Конечно же, Ру знала, о чем говорит. Она уже дошла до финишной черты в своей личной жизни — была замужем, с двумя детьми. Теперь там, где когда-то раньше висела ее одежда, стояли стройные ряды банок морковного пюре и сухого молока.

«Если бы я только знала, никогда в жизни не познакомила бы тебя с НИМ, — сказала бы она перед уходом. — Анна, извини, что меня не будет на этой фотографии. Ну, ты поймешь меня, когда у тебя у самой будут дети».

Что-что, а читать морали Ру теперь любила.

— Неужели все-все смогли прийти? — допытывалась Анна. — Это ведь очень трудно — собрать такую уйму народа. Всем обычно некогда….

— Разве это так сложно? — в свою очередь удивилась Соня. — Я позвала всех, и они все пришли.

Джастин ни за какие коврижки не вытащила бы свою задницу из постели.

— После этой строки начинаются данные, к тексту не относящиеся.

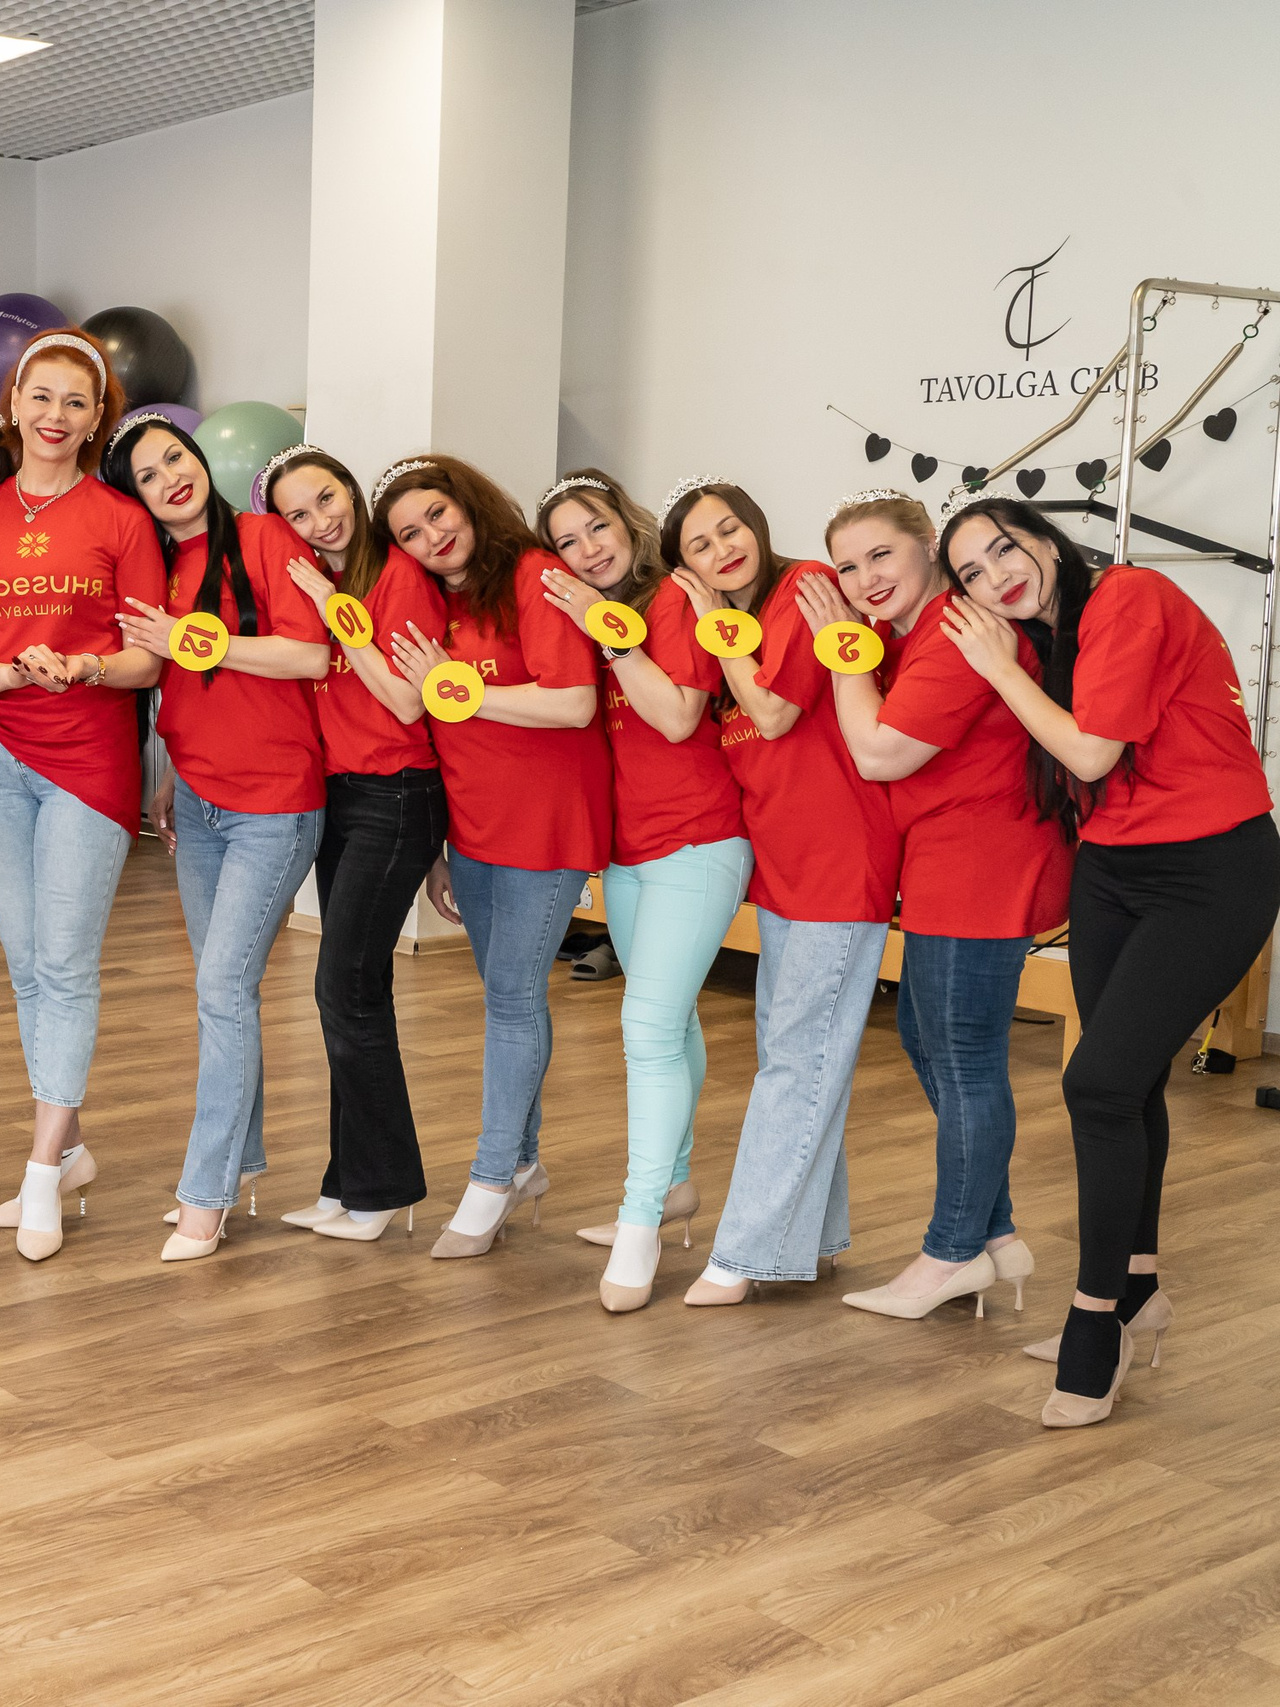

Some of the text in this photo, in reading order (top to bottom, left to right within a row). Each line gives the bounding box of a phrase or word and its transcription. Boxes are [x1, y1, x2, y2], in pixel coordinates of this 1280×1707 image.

[919, 369, 1060, 404] TAVOLGA
[335, 602, 366, 638] 10
[714, 619, 739, 647] 4
[178, 624, 219, 658] 12
[436, 679, 470, 703] 8
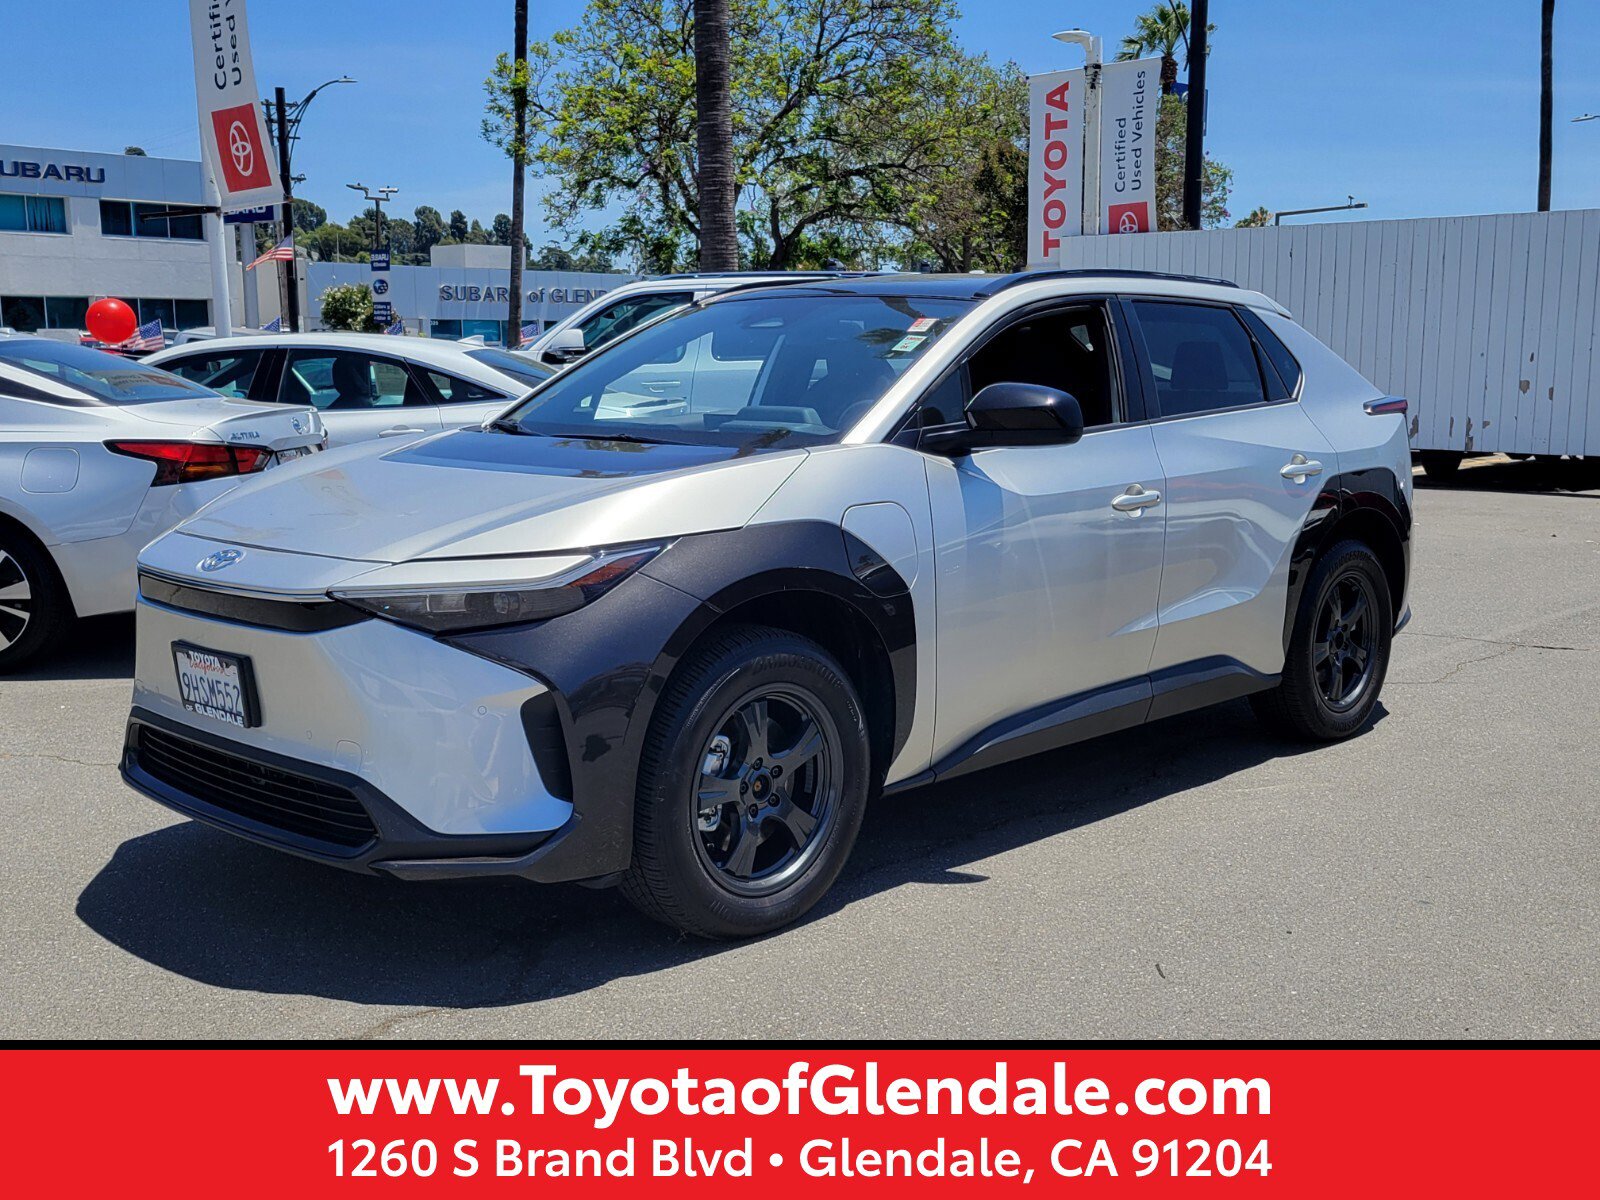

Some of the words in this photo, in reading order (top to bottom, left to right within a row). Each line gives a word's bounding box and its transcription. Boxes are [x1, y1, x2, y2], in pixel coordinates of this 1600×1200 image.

[209, 0, 227, 90] Certifi
[225, 14, 242, 86] Used
[1131, 70, 1146, 141] Vehicles
[1043, 81, 1070, 258] TOYOTA
[1114, 117, 1127, 193] Certified
[1131, 148, 1142, 191] Used
[440, 285, 510, 302] SUBAR
[529, 288, 546, 303] of
[188, 650, 222, 667] TOYOTA
[181, 672, 243, 716] 9HSM552
[195, 703, 245, 728] GLENDALE

«Я не попрусь в такую даль, Анна, — отрезала бы она, поморщив свой курносый носик. — И ради чего, спрашивается? Ради какой-то фотографии?..»

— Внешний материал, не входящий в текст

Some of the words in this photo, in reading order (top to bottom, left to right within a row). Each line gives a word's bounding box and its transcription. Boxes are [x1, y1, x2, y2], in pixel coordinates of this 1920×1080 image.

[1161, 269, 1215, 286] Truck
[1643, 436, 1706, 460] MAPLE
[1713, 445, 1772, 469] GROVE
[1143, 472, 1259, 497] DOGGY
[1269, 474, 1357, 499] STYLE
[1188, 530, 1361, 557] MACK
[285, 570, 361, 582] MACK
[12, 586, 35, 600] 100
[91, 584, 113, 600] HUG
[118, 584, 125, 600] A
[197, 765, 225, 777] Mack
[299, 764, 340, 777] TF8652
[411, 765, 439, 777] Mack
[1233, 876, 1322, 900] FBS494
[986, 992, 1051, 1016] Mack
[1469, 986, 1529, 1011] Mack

Джастин снимала комнату на другом краю Лондона, по Центральной ветке, и снимала комнату в коммуналке, где можно было стрельнуть «экстази» и где ей платили пособие. Она сейчас занималась устройством ночного клуба в Сохо[1] и не могла ни с кем встречаться днем. Вечером ей тоже было некогда, у нее вечно находились какие-то дела. Когда бы Анна ни позвонила, Джастин была слишком «никакая», чтобы разговаривать. «Прости, я так тебе и не перезвонила», — говорила она потом. Вообще-то они с Джастин не виделись уже два месяца, однако телефон Джастин, в разделе «семья и друзья», до сих пор числился у Анны в списке номеров быстрого набора, предоставленных компанией «Бритиш Телеком». Как-никак они с Джастин знают друг друга еще с первых классов школы. Джастин шла под номером пять и в списке номеров на телефоне, который стоял в спальне Анны. Перед ней были только: австралийская подружка Лиз под номером четыре, родители под номером три, Ру под номером два, и ОН, который все еще оставался под номером один.

— А это твой бойфренд? — полюбопытствовала Анна.

— Ага, — рассмеялась Соня и бросила взгляд на фотографию мужчины с сильными загорелыми руками и огромными ярко-зелеными глазами, который смотрел на нее с неприкрытым обожанием.

Он был великолепен. Просто не верилось, что это живой человек, который может разговаривать.